Distance
「なほちゃん、そろそろレストランでなにか食べない?8時からプロジェクションマッピングが始まるから、その前に食事済ませちゃおうよ」
「うん」


結局、短冊は白紙のままバッグに仕舞った。
何軒かあるレストランの中で、こないだ食べ損ねたからイタリアンにしよう、ってことになった。
どうやら気が早い人はもう、プロジェクションマッピングの席取りをしてるようで、お陰でレストランは空いていた。


「こちらのお席でよろしいですか?」
「はい」


店員さんに案内されて、私たちは窓際の二人掛けの席に座った。
メニューを見ていると、後ろの席にお客さんが来た。一人の女性で、ちょうど村越さんと背中合わせの位置に座った。

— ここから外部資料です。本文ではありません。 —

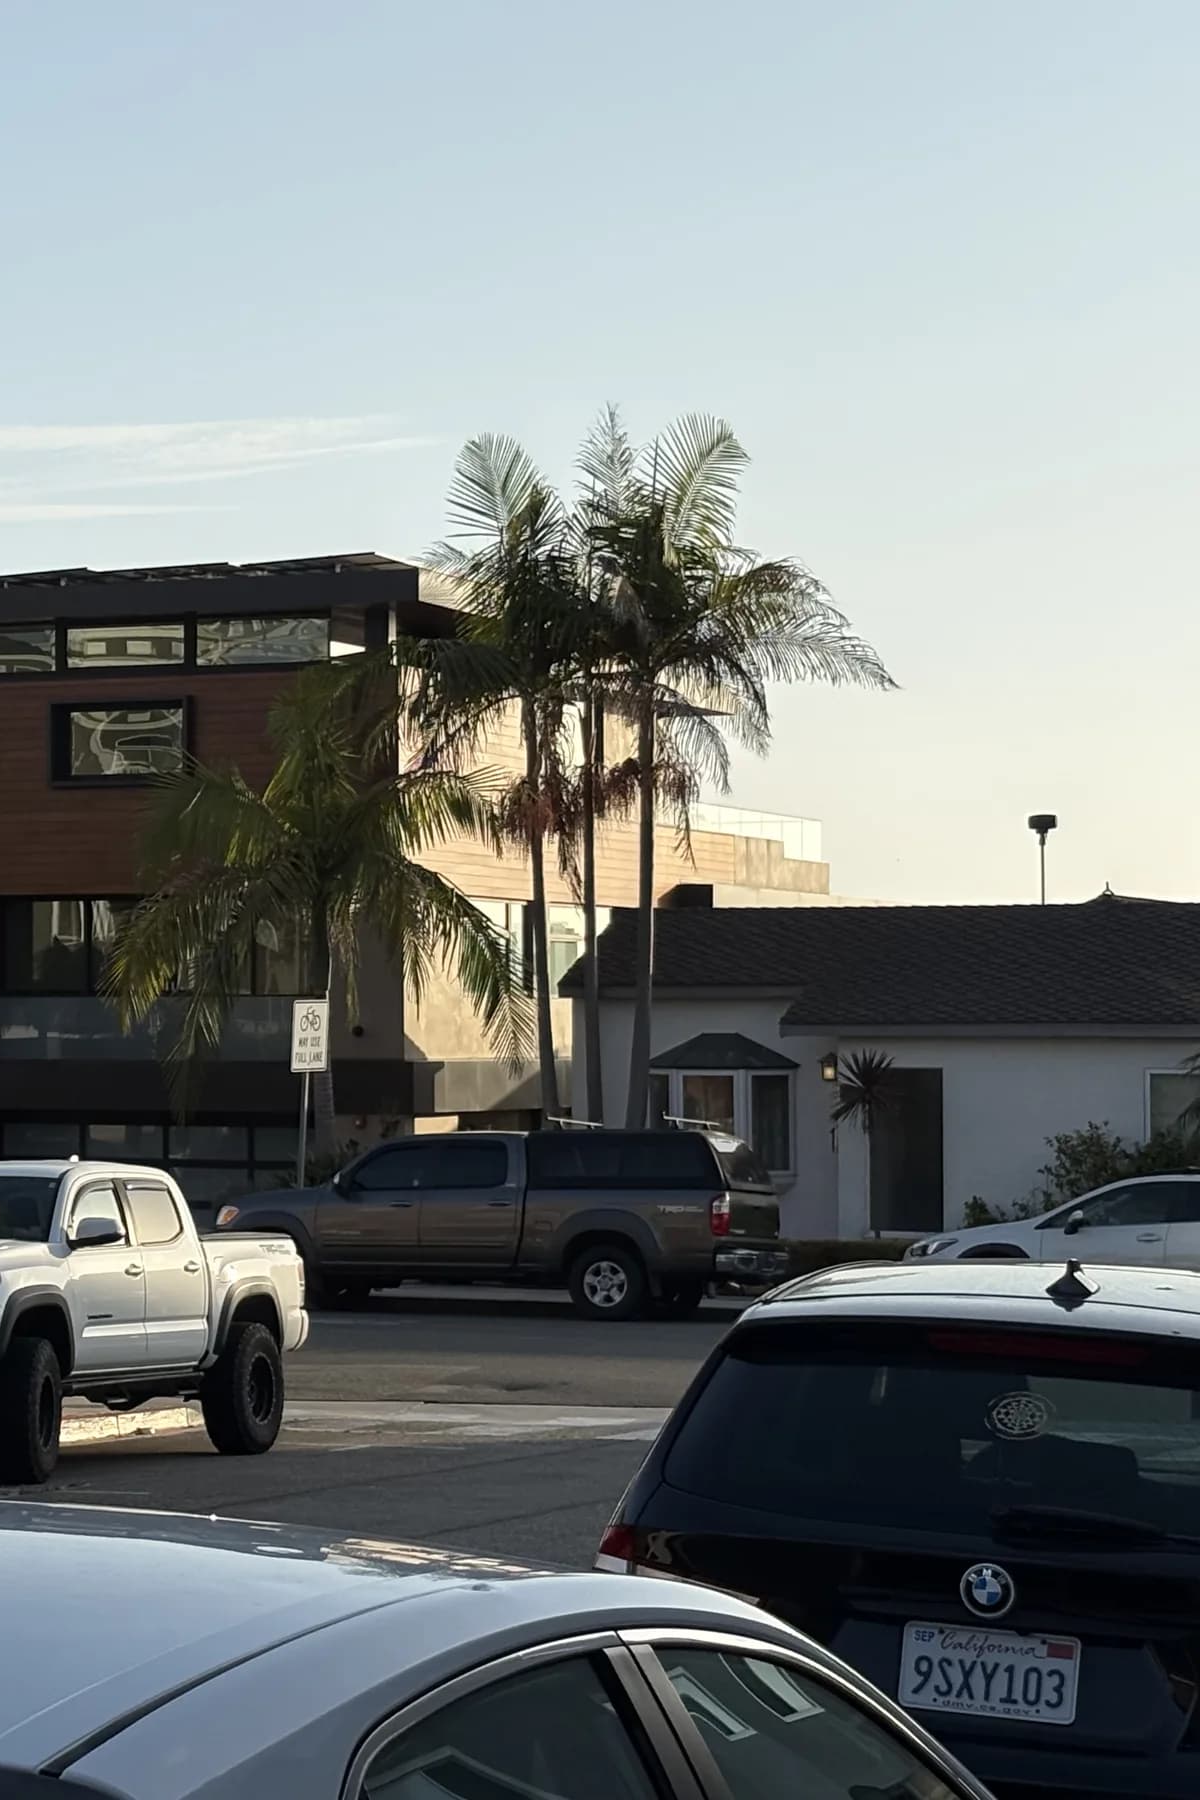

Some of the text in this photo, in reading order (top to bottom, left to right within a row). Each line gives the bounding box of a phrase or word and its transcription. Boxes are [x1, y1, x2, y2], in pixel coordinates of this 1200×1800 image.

[298, 1036, 321, 1048] MAY USE
[295, 1051, 323, 1063] FULL LANE
[657, 1205, 684, 1214] TRD
[967, 1568, 1008, 1584] BMW
[913, 1629, 935, 1643] SEP
[940, 1631, 1047, 1659] California
[911, 1655, 1066, 1709] 9SXY103
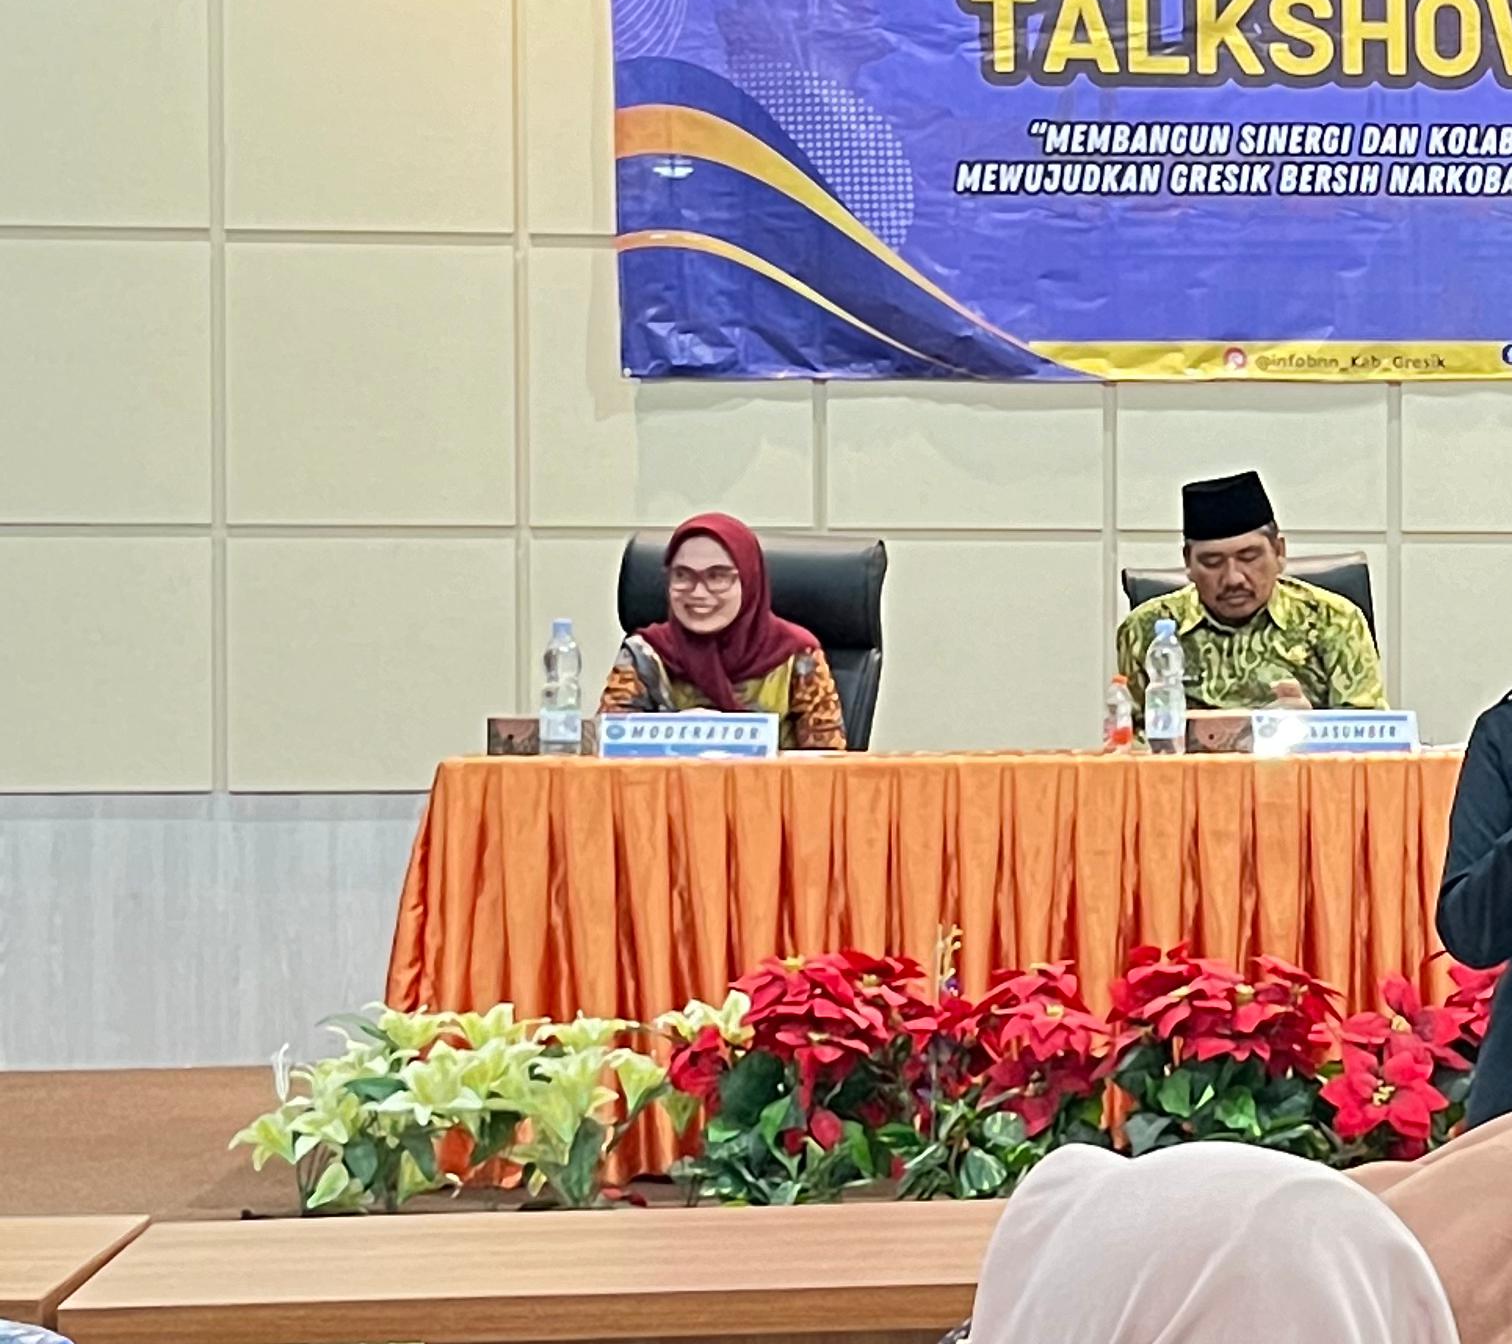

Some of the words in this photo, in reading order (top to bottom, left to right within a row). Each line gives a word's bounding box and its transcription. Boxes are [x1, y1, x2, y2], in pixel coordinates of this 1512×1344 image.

[1238, 125, 1353, 156] SINERGI
[1361, 126, 1419, 156] DAN
[956, 161, 1161, 194] MEWUJUDKAN
[1169, 164, 1270, 194] GRESIK
[1279, 164, 1379, 194] BERSIH
[631, 725, 759, 740] MODERATOR

「どうしよっかな~、ピザもいいし、パスタも捨てがたいな」


さっきから、メニューに釘付けになっている村越さんは、水をがぶがぶ飲んで言った。


「じゃあ、私がピザを頼むから村越さん、パスタにしたらどうですか?私全部は食べれないと思うし、村越さん一緒に食べましょう」
「いいね!その作戦、乗った!」


よっぽど嬉かったのか、村越さんは元気良く言った。